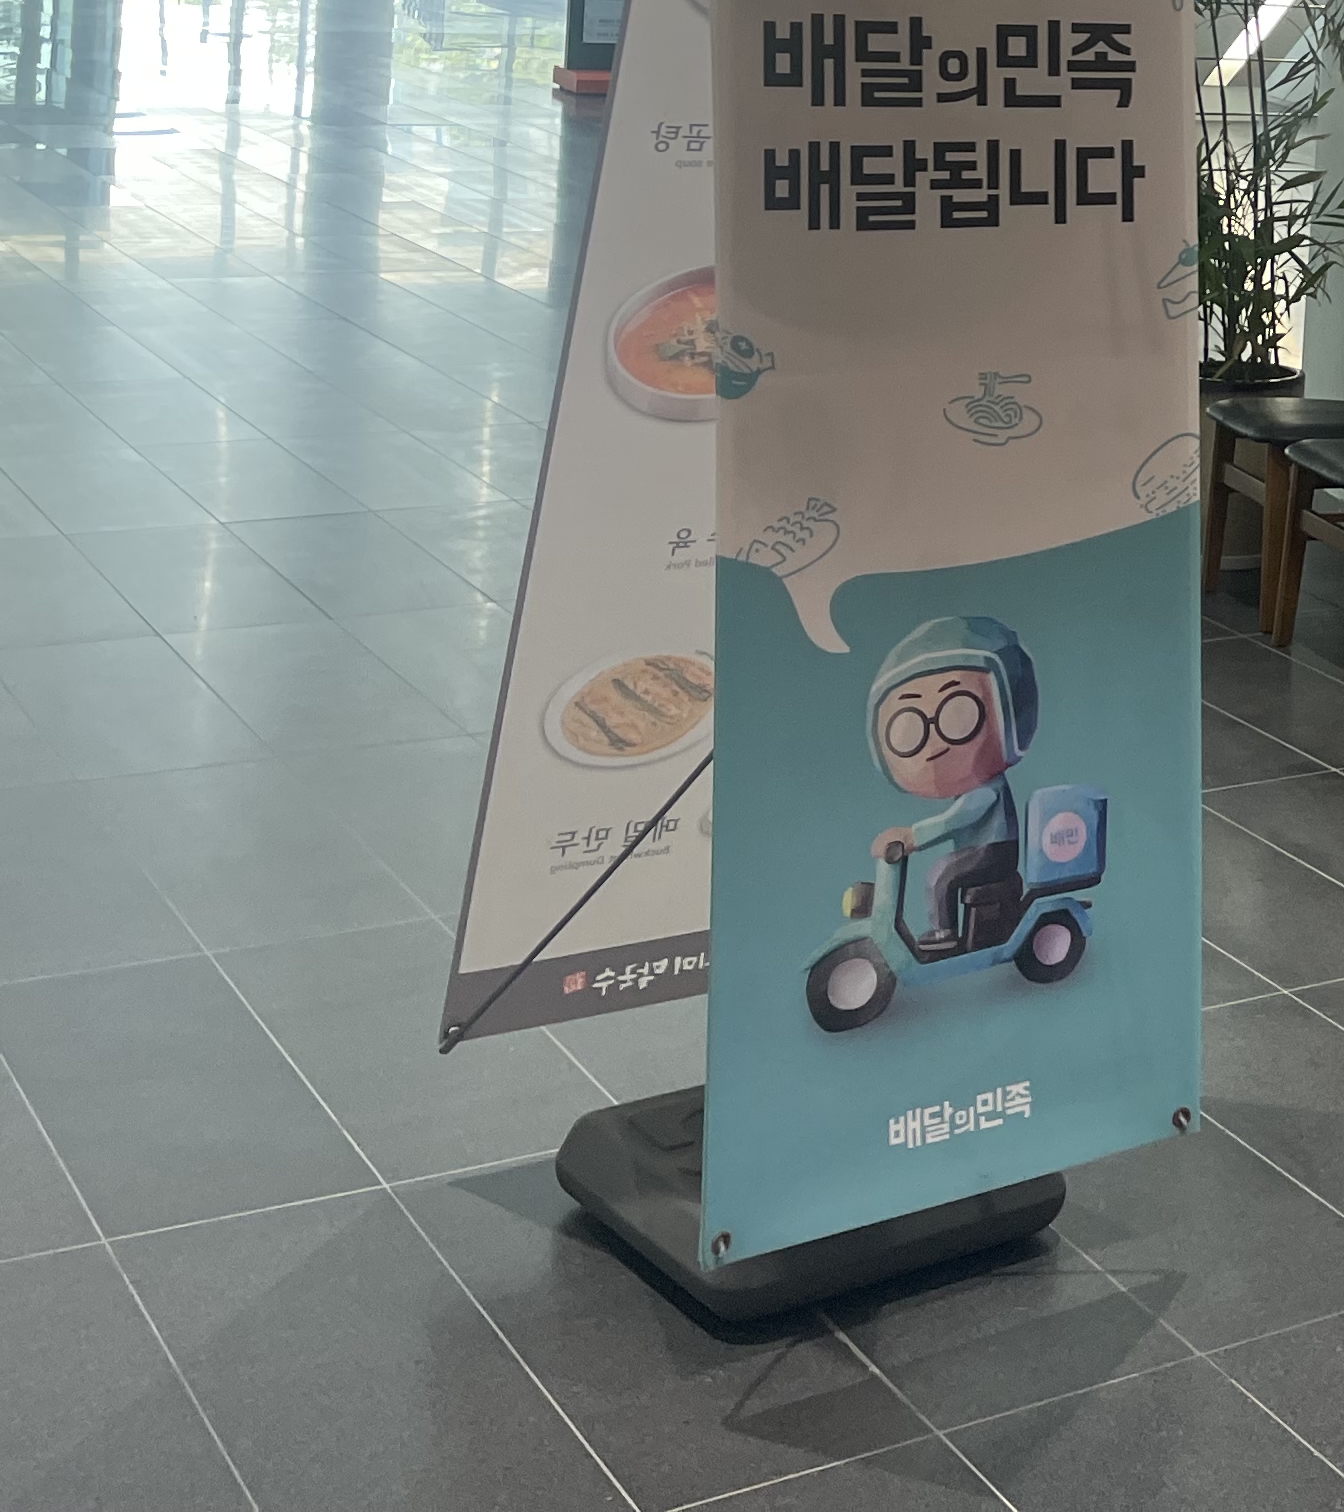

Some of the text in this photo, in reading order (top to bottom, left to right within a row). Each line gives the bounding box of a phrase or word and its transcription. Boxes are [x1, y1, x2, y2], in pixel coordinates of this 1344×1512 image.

[763, 12, 1137, 108] 배달의민족
[763, 138, 1146, 231] 배달됩니다
[887, 1080, 1033, 1149] 배달의민족
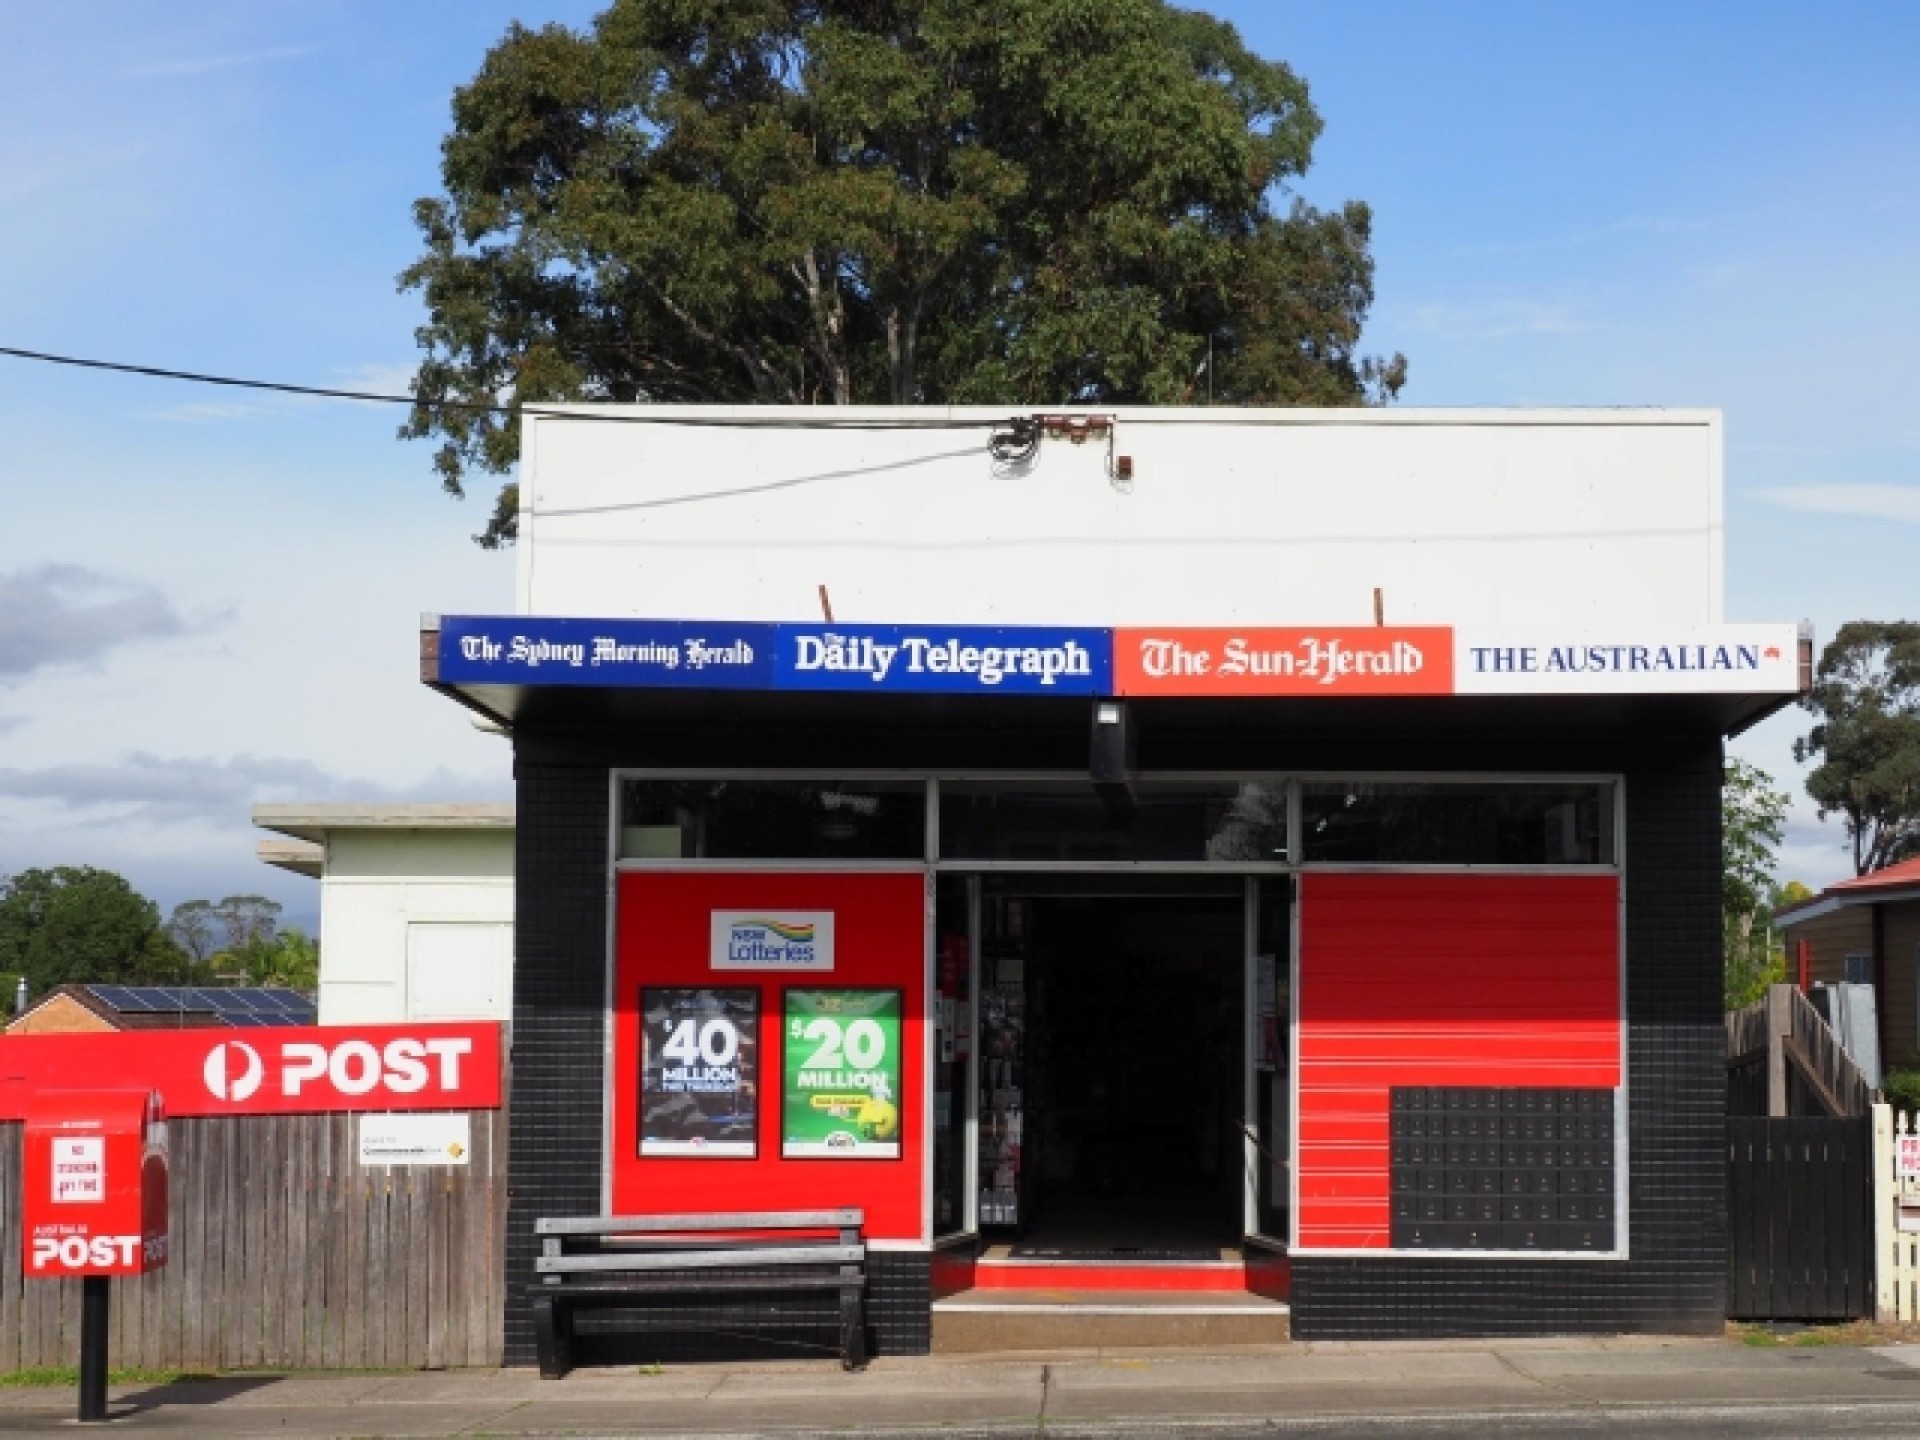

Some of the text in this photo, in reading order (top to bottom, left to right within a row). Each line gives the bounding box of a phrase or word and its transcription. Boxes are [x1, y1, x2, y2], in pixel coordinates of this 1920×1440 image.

[460, 635, 754, 669] The Sydney Morning Herald
[794, 634, 1092, 685] Daily Telegraph
[1140, 637, 1424, 685] The Sun-Herald
[1470, 645, 1759, 673] THE AUSTRALIAN
[728, 941, 815, 962] Lotteries
[791, 1017, 886, 1069] $20
[282, 1038, 472, 1095] POST
[797, 1070, 889, 1090] MILLION
[33, 1234, 141, 1268] POST
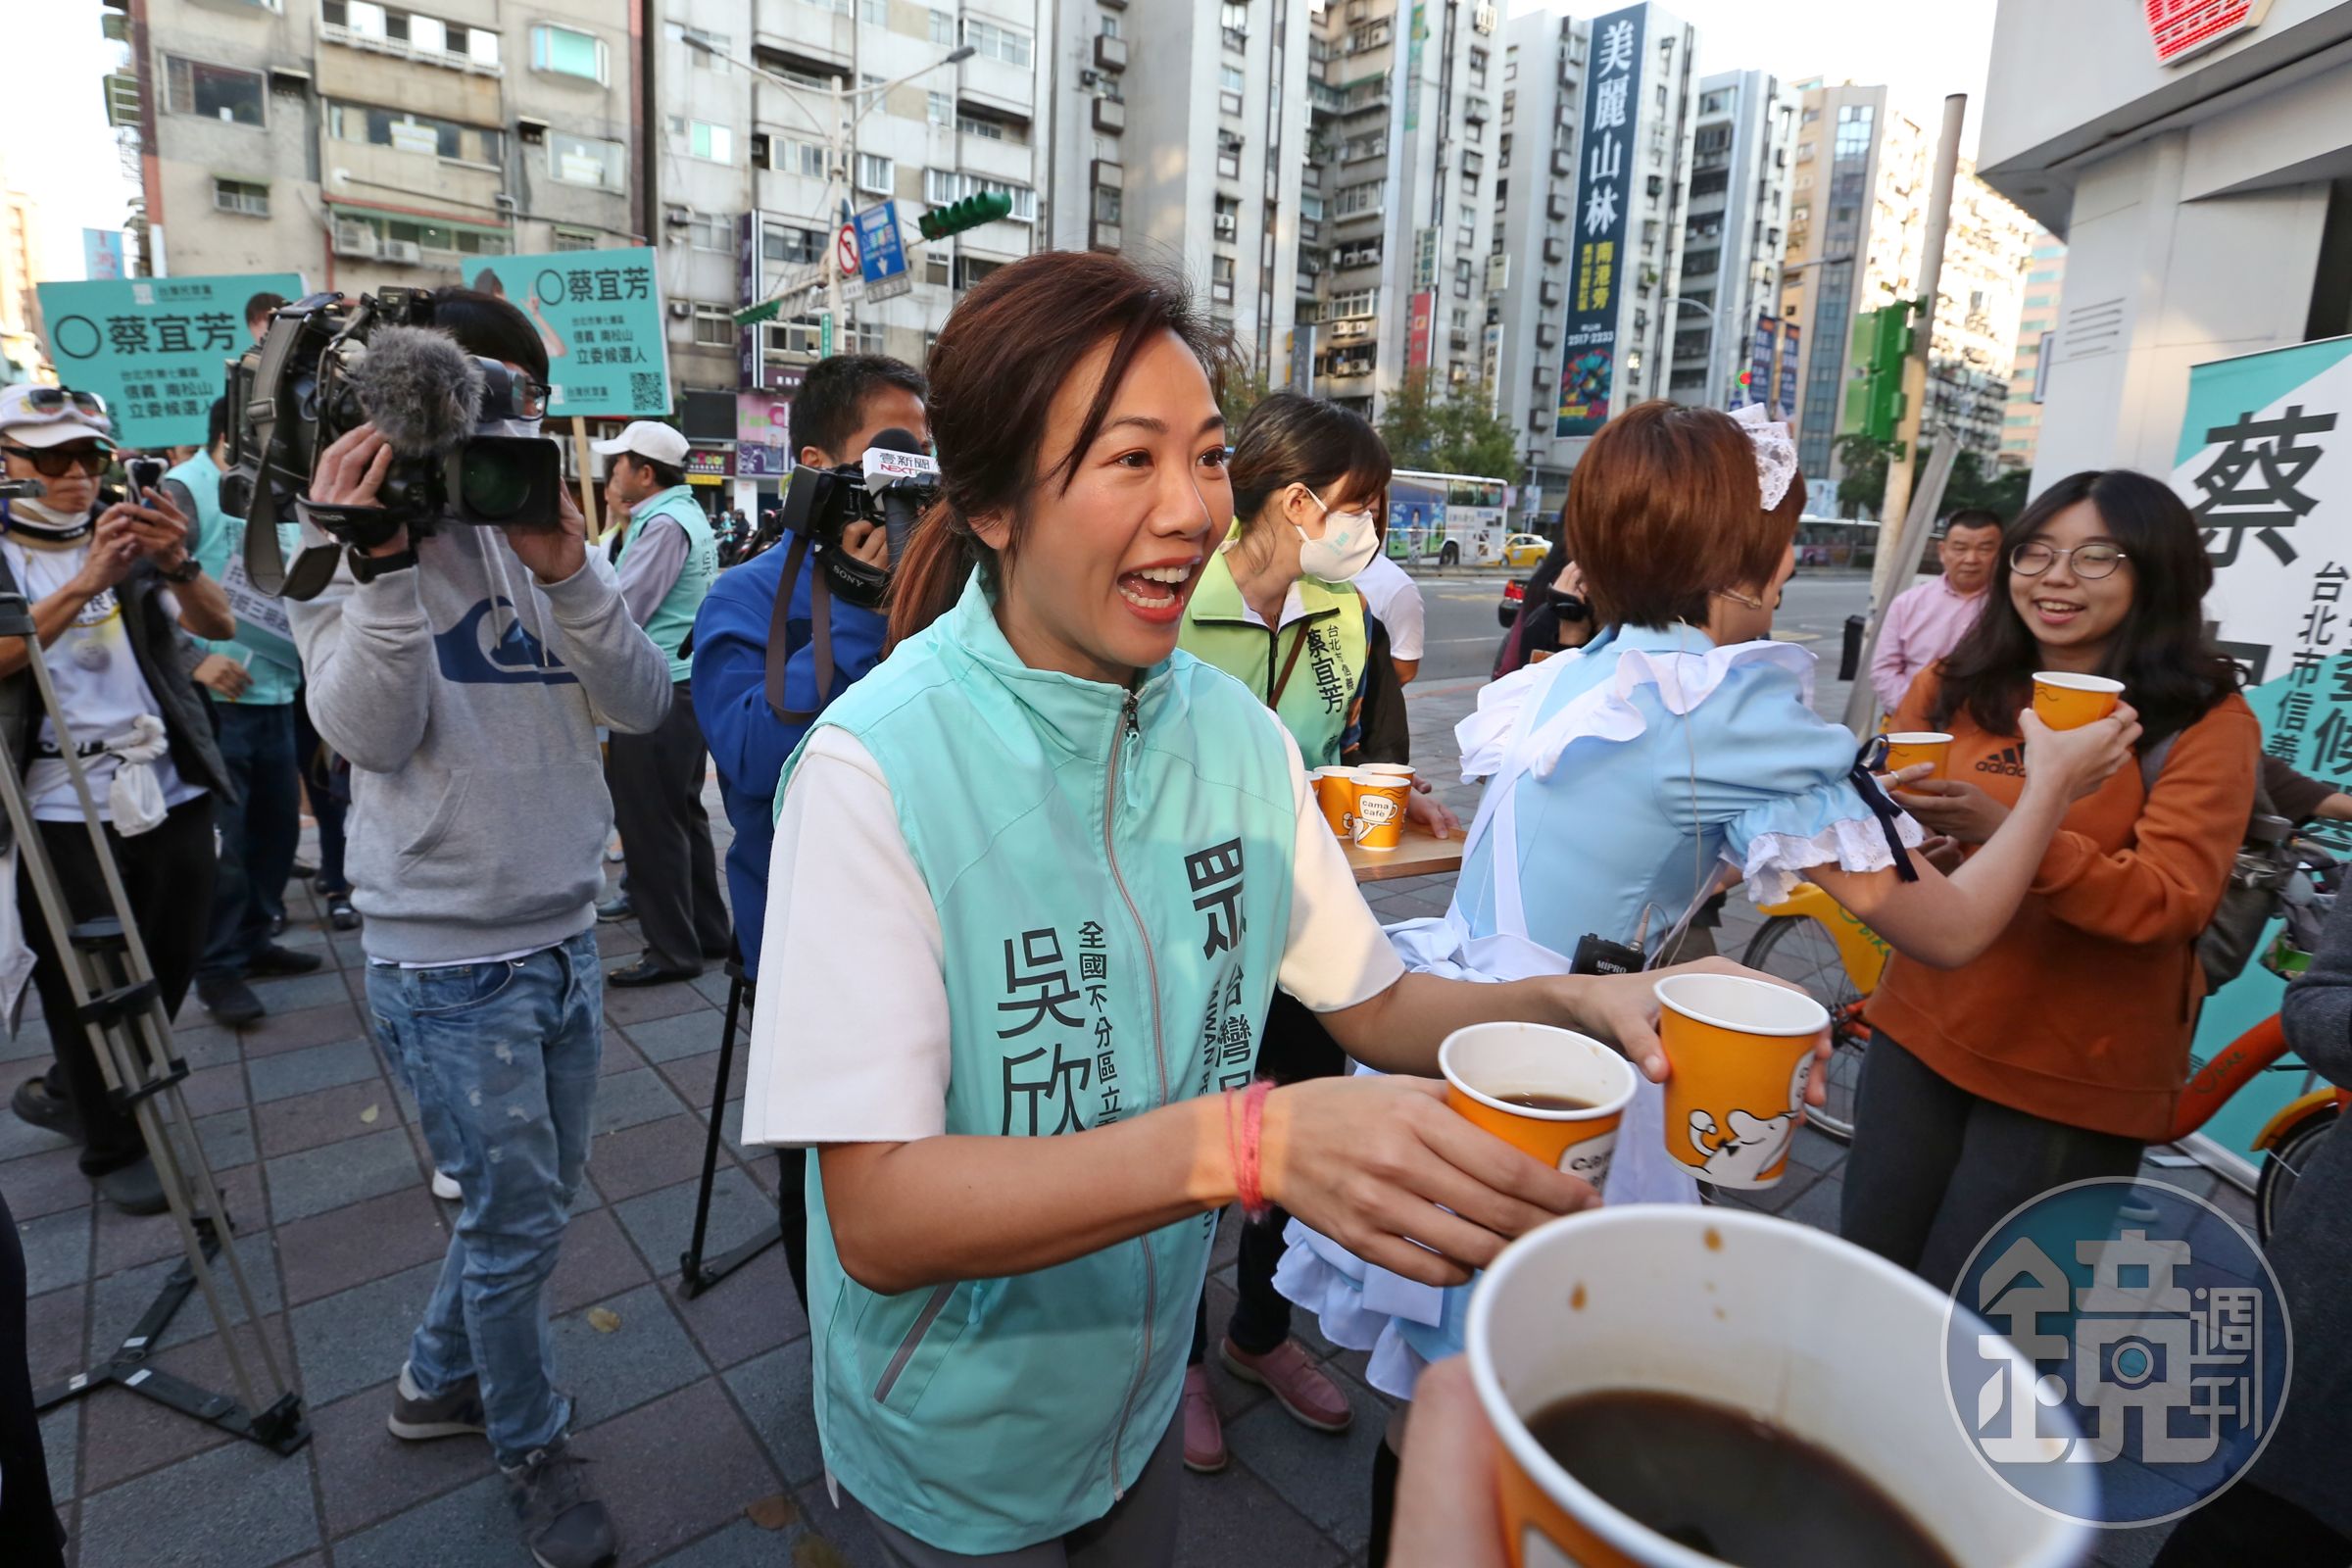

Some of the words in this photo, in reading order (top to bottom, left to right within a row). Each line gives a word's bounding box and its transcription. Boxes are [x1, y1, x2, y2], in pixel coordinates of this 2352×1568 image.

■ Exercise prompt ■
Retype, please, exactly the lines that begin with the one containing "this 1920×1440 image." and end at the last line of the entries above, both included, leaving out pictures.

■ Task output ■
Some of the text in this photo, in reading order (top to bottom, left to right within a row). Each line gives the bounding box of a phrase or word and its transcription. Boxes are [x1, y1, x2, y2], in pixel coordinates of this 1920×1440 image.

[460, 635, 754, 669] The Sydney Morning Herald
[794, 634, 1092, 685] Daily Telegraph
[1140, 637, 1424, 685] The Sun-Herald
[1470, 645, 1759, 673] THE AUSTRALIAN
[728, 941, 815, 962] Lotteries
[791, 1017, 886, 1069] $20
[282, 1038, 472, 1095] POST
[797, 1070, 889, 1090] MILLION
[33, 1234, 141, 1268] POST

Some of the words in this photo, in reading order (top to bottom, left to right within a row). Each line gives a word's bounding box and its transcription. Boxes are [x1, y1, x2, y2], in pixel coordinates of this 2352×1568 image.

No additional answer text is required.